Diário de Campanha das Aventuras em Valansia #10
18º dia do Florescer de Liena de 81 D.C.
Os goblins estavam muito desconfiados de nós. Ambos alegaram que estavam indo buscar os anciões, mas não quisemos esperar para ver. Pegamos o corpo do goblin morto e recuamos para a sala do fosso de sacrifício. O Barlad teve a ideia de preparar uma armadilha de corda para que, caso fôssemos perseguidos, alguns tropeçassem e caíssem no fosso.
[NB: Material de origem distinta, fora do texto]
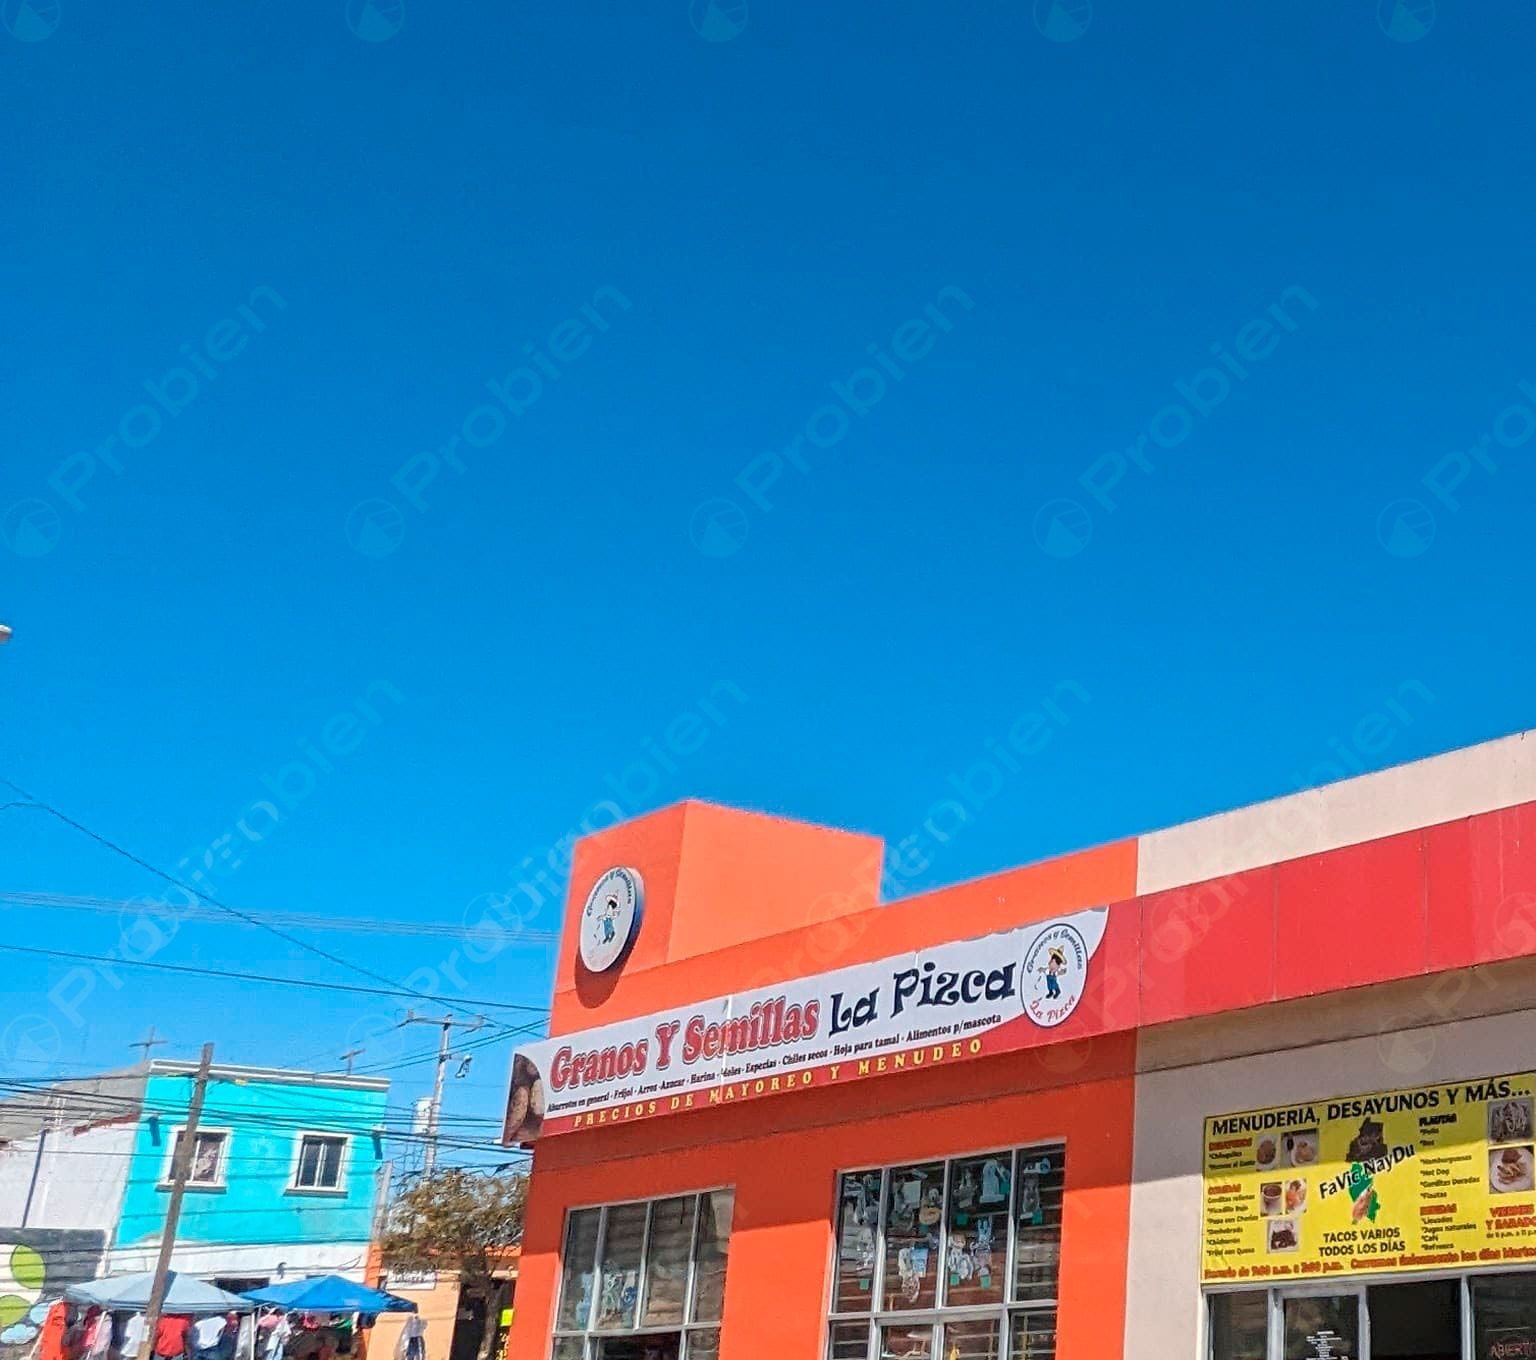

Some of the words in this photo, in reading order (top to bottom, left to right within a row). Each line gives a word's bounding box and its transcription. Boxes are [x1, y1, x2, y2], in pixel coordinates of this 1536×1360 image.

Com a armadilha preparada, restava só esperar. Demorou um pouco, mas, eventualmente, um grupo de cinco goblins (sendo um deles um ancião) entrou na sala. Só que eles nos viram. Tentamos argumentar que não fomos nós que matamos o goblin, e o ancião avançou até próximo da armadilha para conseguir ver o corpo mais de perto. Nisso, o Wolras o empurrou no fosso de sacrifício e o mundo veio abaixo.
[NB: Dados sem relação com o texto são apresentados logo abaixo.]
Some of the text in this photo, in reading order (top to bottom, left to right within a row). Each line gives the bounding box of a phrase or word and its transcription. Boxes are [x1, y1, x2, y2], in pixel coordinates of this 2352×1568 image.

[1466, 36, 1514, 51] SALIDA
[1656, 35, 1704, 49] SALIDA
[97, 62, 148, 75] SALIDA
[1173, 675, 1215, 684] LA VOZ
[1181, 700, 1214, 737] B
Eu prefiro não entrar em detalhes sobre o que aconteceu a seguir; basta dizer que derrotamos os goblins e que houve uma demonstração de magia impressionante do Drodúk, que colocou dois deles para dormir com um feitiço.
Só que, depois disso, parece que o grupo pegou gosto por sangue de goblin, já que decidiram ir até as cavernas deles para lutar mais. E havia vários deles esperando. Foi um combate muito difícil: o Brom quase caiu e até eu tive que ajudar, atirando pedras com uma funda. Novamente, houve uma demonstração de habilidades mágicas do Drodúk, criando uma área de escuridão ao redor dos goblins que fez com que eles não conseguissem nos acertar.
No fim, conseguimos matar cinco deles e, com isso, o restante fugiu amedrontado. Mas uma coisa é certa: ainda há dezenas deles espalhados pelas tumbas e agora eles nos veem como inimigos.